A Sagres tem uma nova imagem. Desenvolvida por designers londrinos. Ninguém diria, ou deixaria de dizer. Estas Marcas nunca se “esticam” muito…ficheiro_000-37
No Facebook, o Carlos Coelho indigna-se: #shame! afinal se a Marca nos atira com o seu posicionamento carregadinho de Portugalidade seria de esperar alguma coerência nas várias facetas da “vida” da Marca, certo? Certo.
A patrocinadora da Seleção que inclui as quinas e o escudo na sua iconografia só teria a ganhar se esse “portugalismo” não fosse só do armazém até aos €€€. A Portugalidade deveria ser a âncora de todo o processo, ou tem esses valores em toda a linha, ou não tem de todo.
Porque não há outra desculpa.
O Carlos Coelho fala do pedantismo dos Diretores de Marketing que adoram recorrer a designers estrangeiros na ilusão de se relacionarem com este , “jet set do Marketing internacional”. E tem razão; metade da razão.
A outra metade ainda é pior. É preciso ter estado do lado do cliente para a reconhecer – chamo-lhe “apostar no fracasso”. É o medo de não resultar: ” se isto foi assim com o XPTO… imagine o que não seria….”

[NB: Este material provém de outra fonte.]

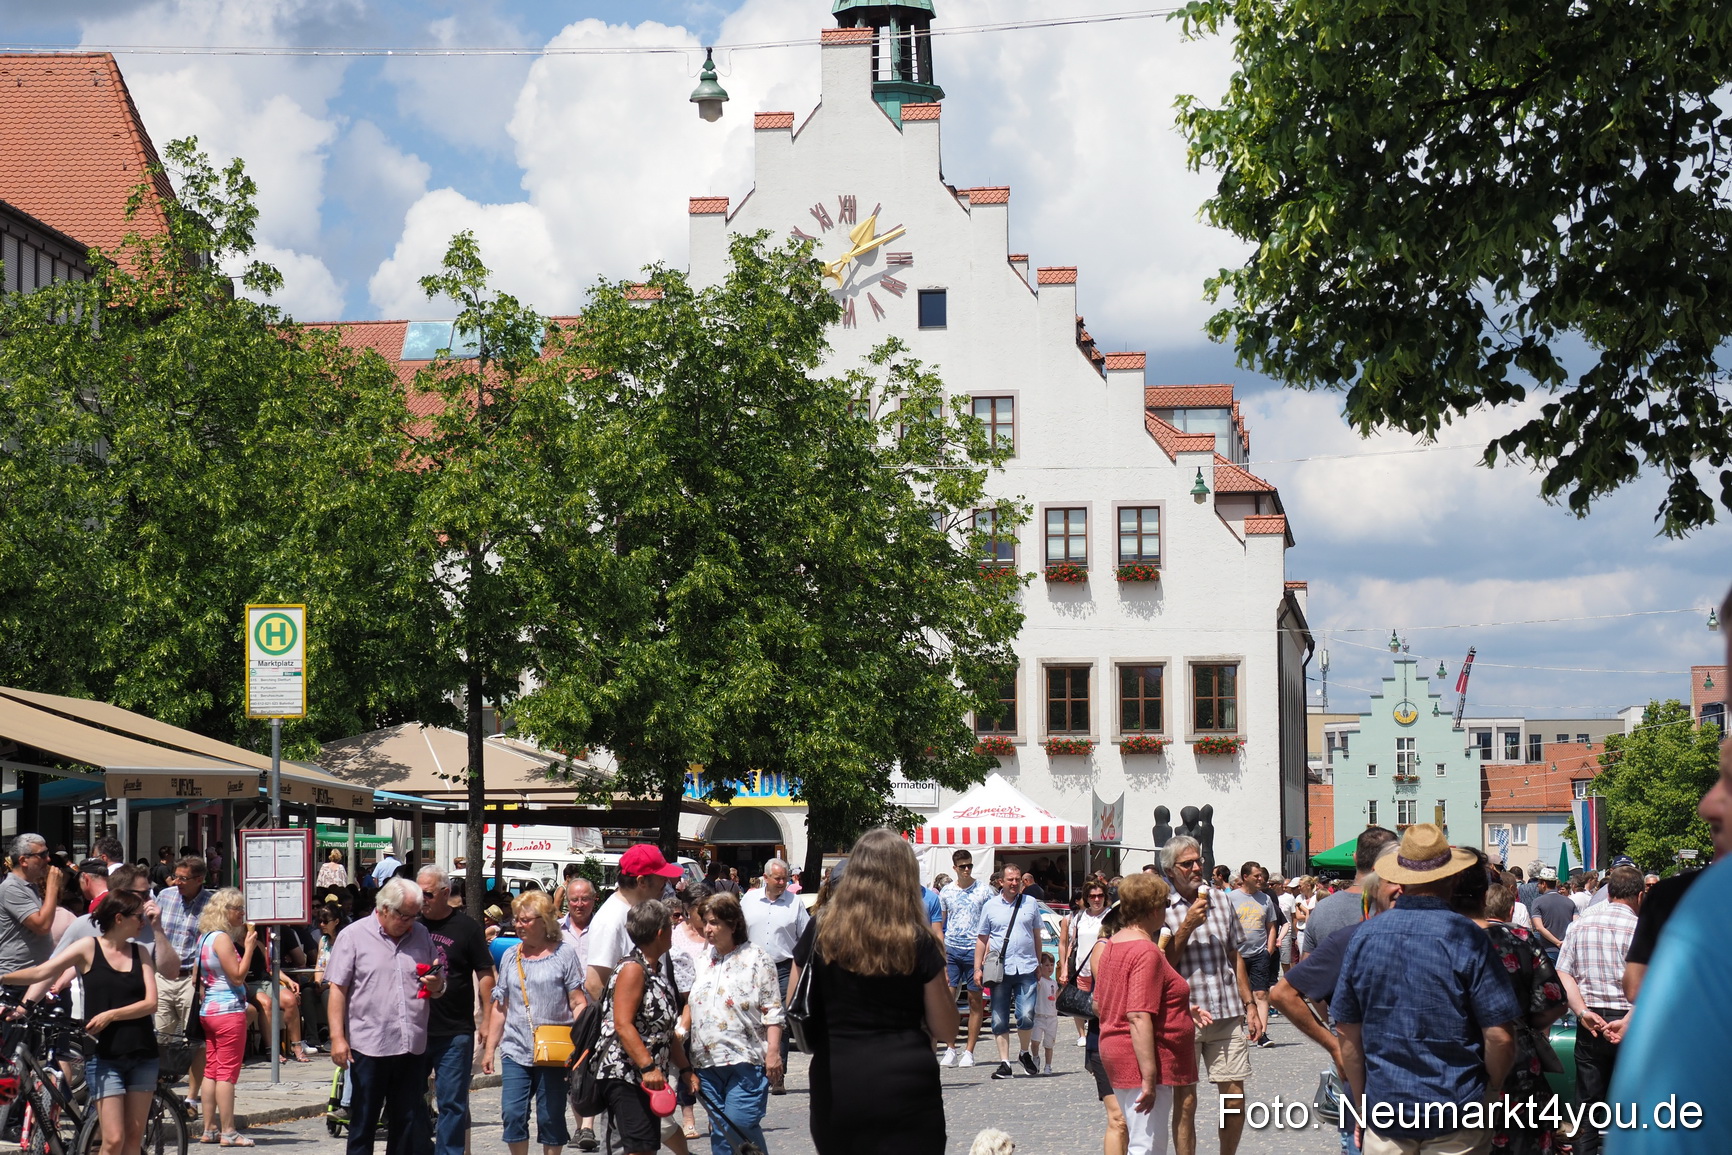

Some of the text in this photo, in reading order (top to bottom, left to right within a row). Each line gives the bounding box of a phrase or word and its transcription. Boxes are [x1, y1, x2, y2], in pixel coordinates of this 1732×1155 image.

[265, 622, 286, 646] H
[953, 805, 1021, 819] Lehmeier's
[430, 933, 455, 947] TTITUDE

Toda a gente sabe que uma grande conta portuguesa, só é grande em Portugal. Cá faz a diferença para ter os melhores recursos alocados. Em Londres? It is just business as usual. As agências multinacionais, os designers londrinos, a SAP, ou a KPMG não apresentam forçosamente melhores soluções que a #Ivity, a #Quidgest ou eu. São apenas uma melhor desculpa para um eventual fracasso.
Do género fracassar com a SAP não é fracassar… é o costume…

PS: posto isto gosto da nova imagem. O Fundo das risquinhas é, a meu ver, outdated, muito 90´s, está aqui como poderia estar em qualquer coisa francesa, ou nigeriana… no ofense. No ofense taken.